▶ _Exercise directions_
Leave the pictures behind and repeat all the entries exactly.

##### Dataset

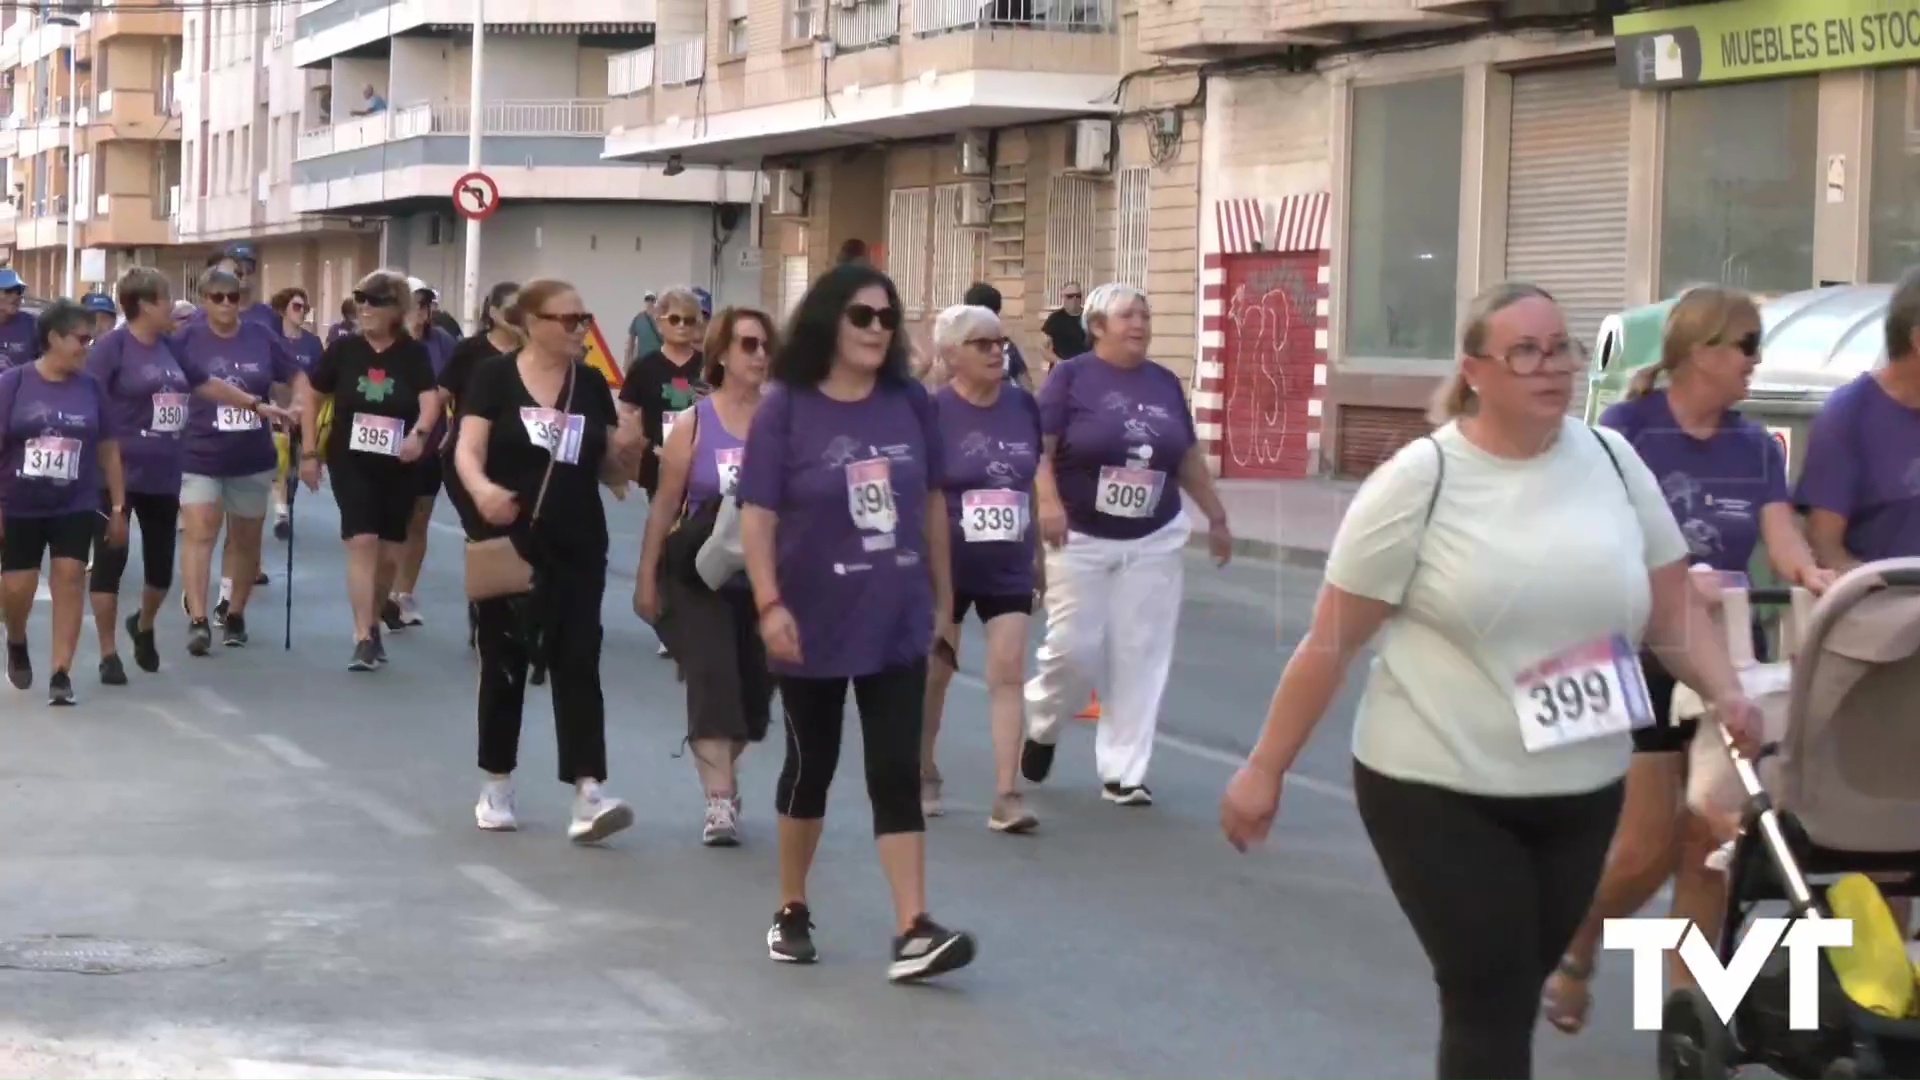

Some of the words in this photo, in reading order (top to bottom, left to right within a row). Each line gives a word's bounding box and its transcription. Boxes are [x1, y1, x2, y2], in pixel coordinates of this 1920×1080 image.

[1721, 22, 1818, 68] MUEBLES
[1824, 17, 1855, 56] EN
[159, 406, 181, 424] 350
[223, 406, 252, 424] 370
[358, 427, 389, 447] 395
[31, 449, 64, 470] 314
[1106, 483, 1146, 508] 309
[973, 507, 1014, 531] 339
[1531, 669, 1611, 727] 399
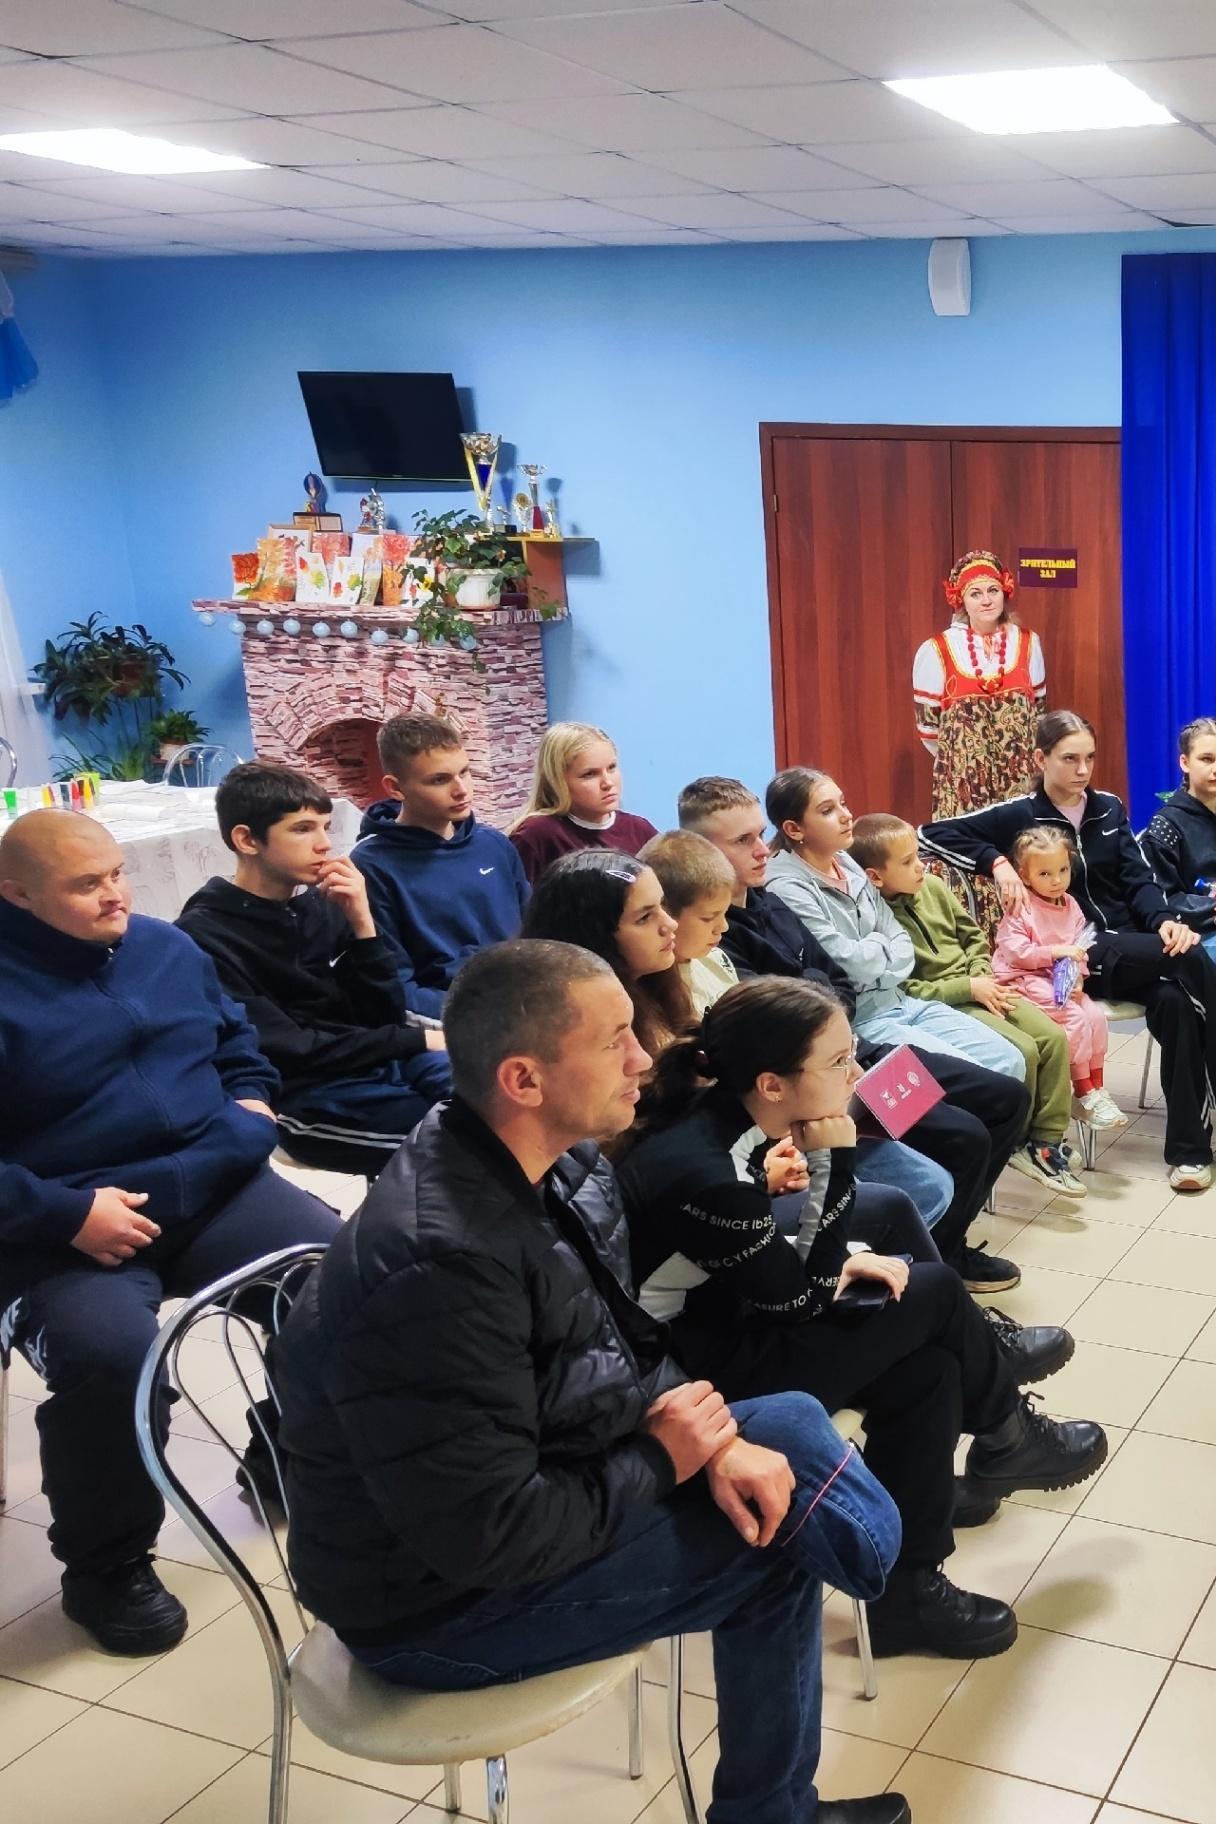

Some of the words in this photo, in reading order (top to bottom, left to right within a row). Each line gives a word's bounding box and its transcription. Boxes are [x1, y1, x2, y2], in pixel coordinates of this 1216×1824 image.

[1020, 558, 1076, 569] ЗРИТЕЛЬНЫЙ
[1040, 569, 1056, 578] ЗАЛ
[680, 1203, 707, 1221] ARS
[709, 1215, 749, 1230] SINCE
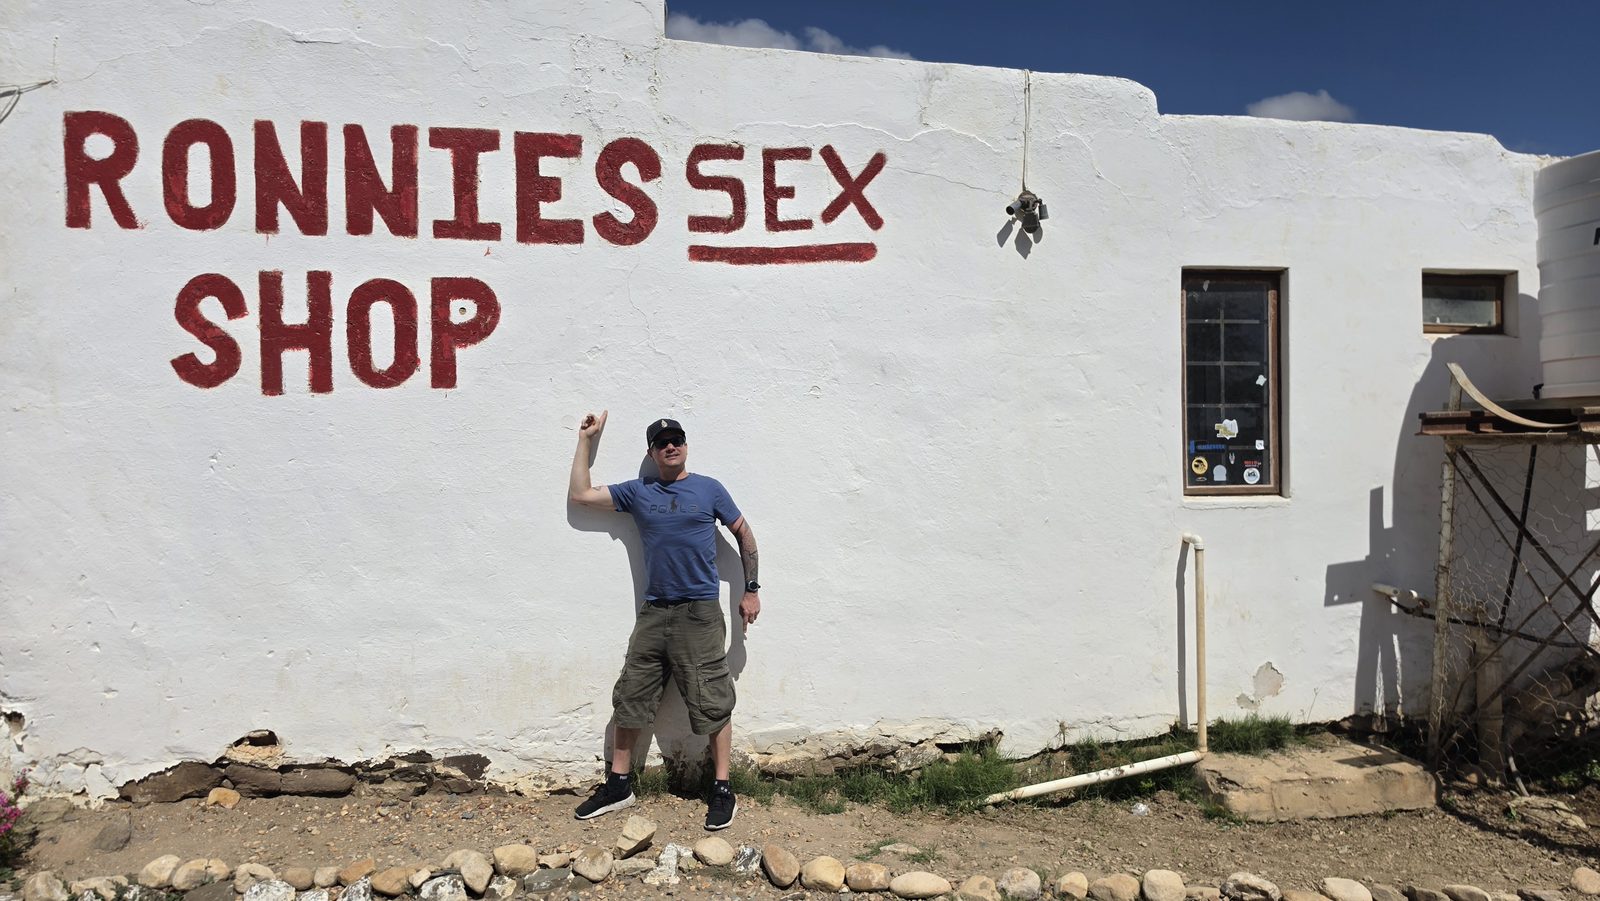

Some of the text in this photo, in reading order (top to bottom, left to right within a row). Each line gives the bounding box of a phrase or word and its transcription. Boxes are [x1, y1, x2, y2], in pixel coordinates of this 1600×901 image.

[63, 111, 887, 246] RONNIES SEX
[170, 270, 502, 397] SHOP
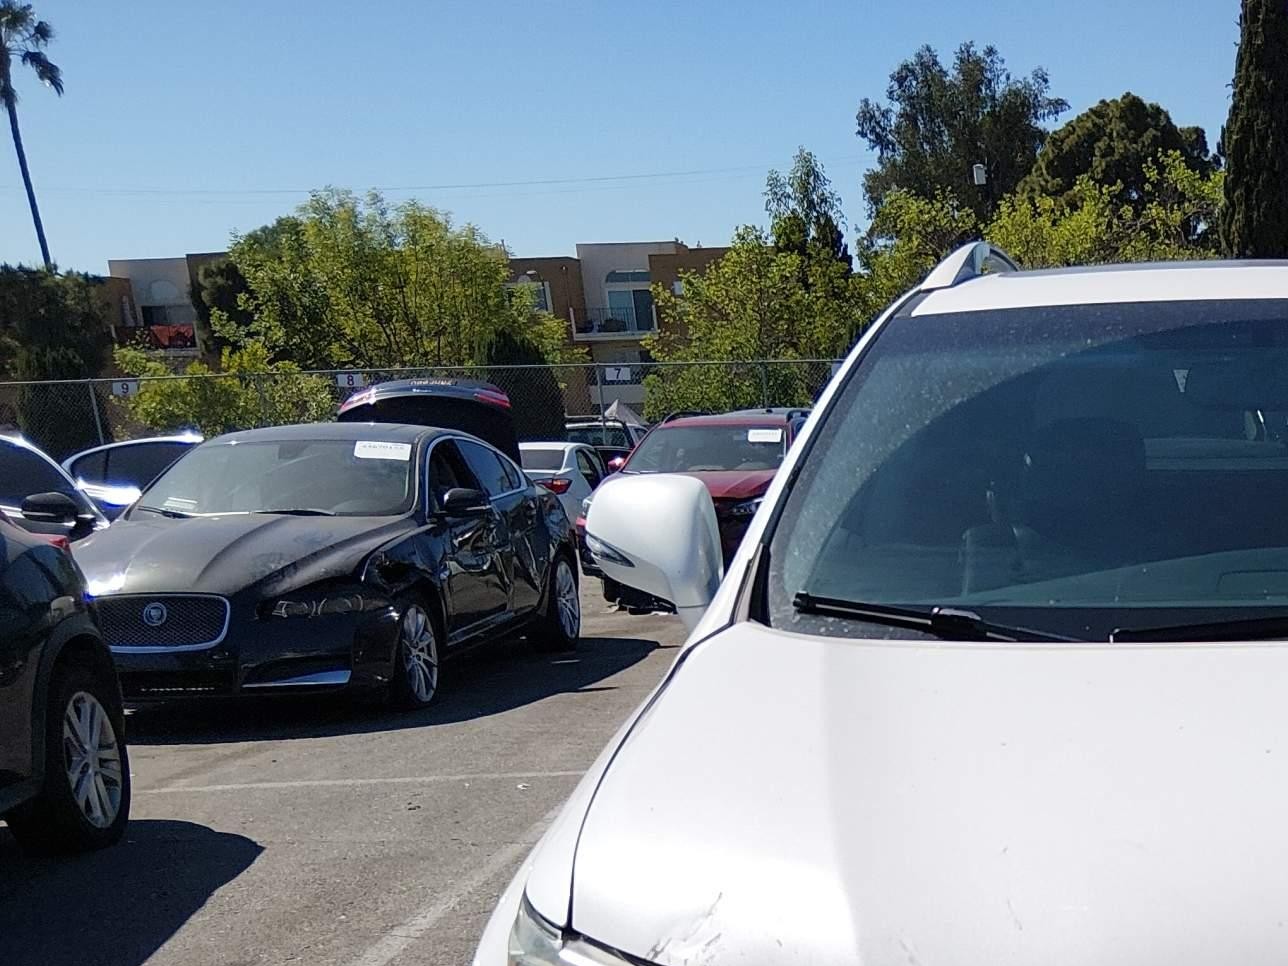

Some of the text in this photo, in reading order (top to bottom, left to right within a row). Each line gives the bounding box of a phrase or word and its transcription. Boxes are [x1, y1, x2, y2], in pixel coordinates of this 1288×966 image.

[614, 367, 622, 380] 7
[347, 375, 355, 386] 8
[121, 382, 129, 394] 9

##########

▶ _Written solution_
Some of the words in this photo, in reading order (top to bottom, left to right within a row). Each line gives a word's bounding box and its transcription. Boxes are [x1, y1, x2, y2], in pixel coordinates of this 1920×1080 image.

[1721, 22, 1818, 68] MUEBLES
[1824, 17, 1855, 56] EN
[159, 406, 181, 424] 350
[223, 406, 252, 424] 370
[358, 427, 389, 447] 395
[31, 449, 64, 470] 314
[1106, 483, 1146, 508] 309
[973, 507, 1014, 531] 339
[1531, 669, 1611, 727] 399

Some of the words in this photo, in reading order (top to bottom, left to right within a row). Each line gives a word's bounding box and its transcription. Boxes are [x1, y1, x2, y2], in pixel coordinates of this 1216×1824 image.

[1020, 558, 1076, 569] ЗРИТЕЛЬНЫЙ
[1040, 569, 1056, 578] ЗАЛ
[680, 1203, 707, 1221] ARS
[709, 1215, 749, 1230] SINCE

Some of the text in this photo, in reading order (top to bottom, left to right within a row). Each line gives the bounding box of a phrase or word and its transcription. Boxes are [x1, y1, x2, y2], in pixel coordinates of this 1600×901 image.

[63, 111, 887, 246] RONNIES SEX
[170, 270, 502, 397] SHOP

Some of the text in this photo, in reading order (top to bottom, left to right within a row). Each line gives the bounding box of a phrase or word and its transcription. Boxes are [x1, y1, x2, y2], in pixel coordinates of this 1288×966 image.

[614, 367, 622, 380] 7
[347, 375, 355, 386] 8
[121, 382, 129, 394] 9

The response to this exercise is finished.